Jailhouse Band Baaja


It would be truly amusing if a Chief Minister of UP were as funny and aspiring-to-coolth as Ravi Kishen in Lucknow Central.  He wants to project his state as progressive; he also wants to be ‘trending’ and has with him two buttoned up sidekicks to advise him on social media. (Too bad that in real life, kids are dying in the state and crime is unmanageable.) So, he wants to hold a competition of jail bands, that will go viral, and impress Trump!

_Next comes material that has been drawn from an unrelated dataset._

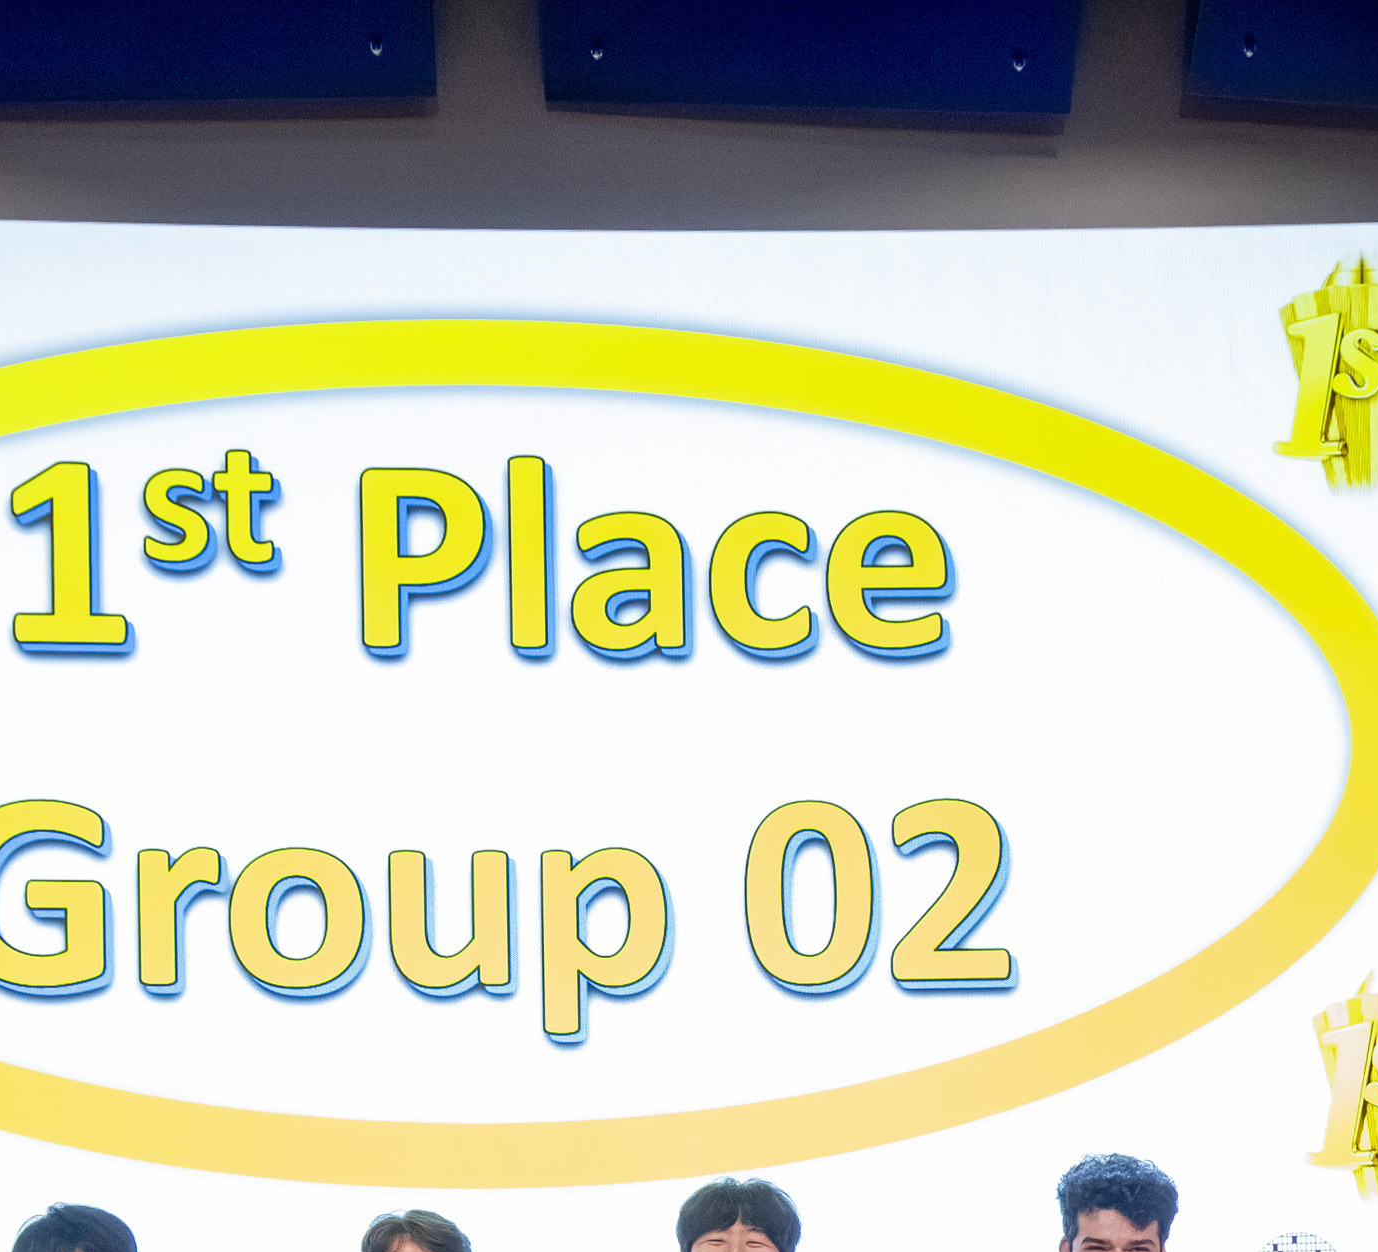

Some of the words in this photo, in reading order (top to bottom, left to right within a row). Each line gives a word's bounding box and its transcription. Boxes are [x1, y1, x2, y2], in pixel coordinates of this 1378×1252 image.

In Ranjit Tiwari’s debut film, Kishan Girhotra (Farhan Akhtar), an aspiring singer, who dreams of having his own band (“towns may be small, but dreams are big”), lands up in jail on a trumped up murder charge. He gets himself transferred to Lucknow Central, the venue for the big Independence Day inter-prison competition.  Hovering around, looking like she has wandered into the wrong film, is Gayatri Kashyap (Diana Penty), a social worker looking into the welfare of prisoners, and constantly being told to drop it and get married

The jailor at Lucknow Central is a nasty fellow (Ronit Roy), who suspects that the so-called band is just an excuse for Kishan and his cronies to escape and he is right. Kishan’s resilience gets him through the gangs and violence of prison life, as he goes about putting together his band of unmusical men--Dikkat (Inaamulhaq), Victor (Deepak Dobriyal), Parminder (Gippy Grewal), Pandit (Rajesh Sharma), all of whom have a special skill that would help in the escape.

Shot in dark, filthy cells, the film’s realism ends there—Tiwari is not interested in showing the true state of Indian prisons. Watching this film, you’d think all the prisoners were innocent victims of the system, and the jailor, who is only doing his job, is the villain. He is cruel, but he is also the product of the same inhumane system; if a prisoner escapes, it is his neck on the line. Strangely, Tiwari paints life outside prison as unbearable for the men; inside they find friendship, trust and a kind of normalcy.

The camaraderie between the five band-mates works, as they move towards the rousing, if predictable finale. The film is loosely based on a real prison band that also inspired the recent Qaidi Band; this one is better, has decent music, and solid performances, even if Farhan Akhtar looks too polished to be an ordinary UP lad.

With a little more effort, Lucknow Central could have been meaningful as well as entertaining--  as it is, the film is just ‘timepass’.